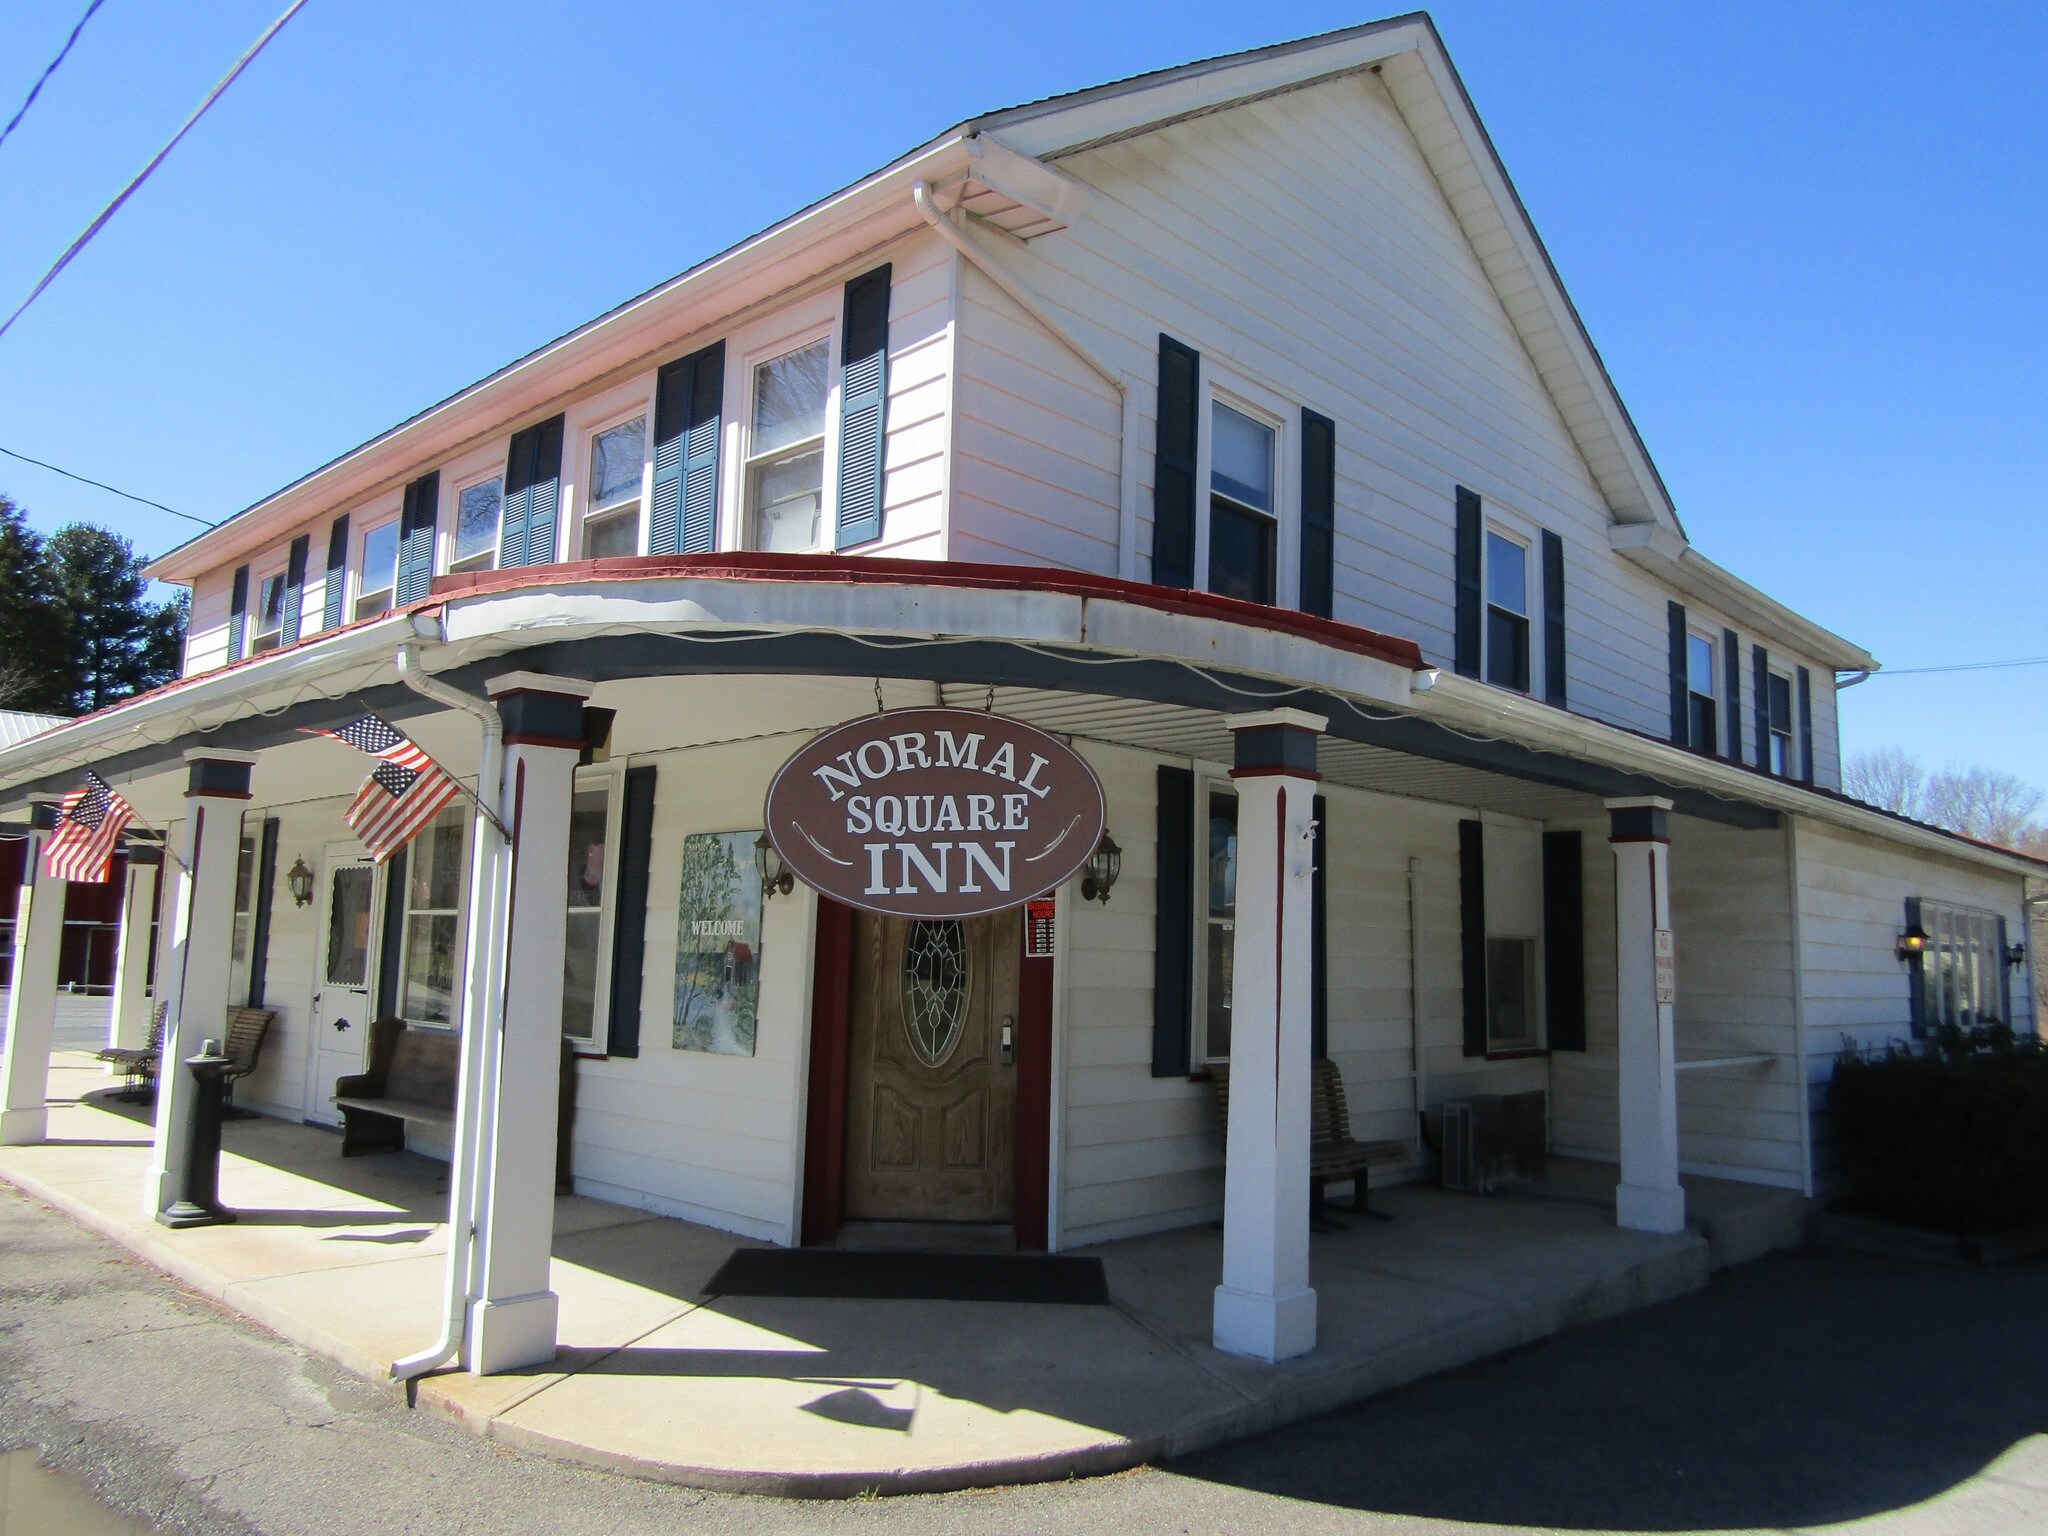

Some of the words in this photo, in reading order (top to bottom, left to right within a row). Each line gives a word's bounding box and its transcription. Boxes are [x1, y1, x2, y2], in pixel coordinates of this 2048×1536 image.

[812, 730, 1051, 802] NORMAL
[846, 793, 1029, 837] SQUARE
[864, 841, 1016, 895] INN
[1028, 901, 1055, 910] BUSINES
[1033, 910, 1054, 918] HOURS
[691, 920, 744, 936] WELCOME

● ● ● ● ●

» ASSIGNMENT
Repeat every record above exactly. The pictures do not belong in the copy.

» FINAL ANSWER
Some of the words in this photo, in reading order (top to bottom, left to right within a row). Each line gives a word's bounding box and its transcription. Boxes are [x1, y1, x2, y2], in pixel coordinates of this 2048×1536 image.

[812, 730, 1051, 802] NORMAL
[846, 793, 1029, 837] SQUARE
[864, 841, 1016, 895] INN
[1028, 901, 1055, 910] BUSINES
[1033, 910, 1054, 918] HOURS
[691, 920, 744, 936] WELCOME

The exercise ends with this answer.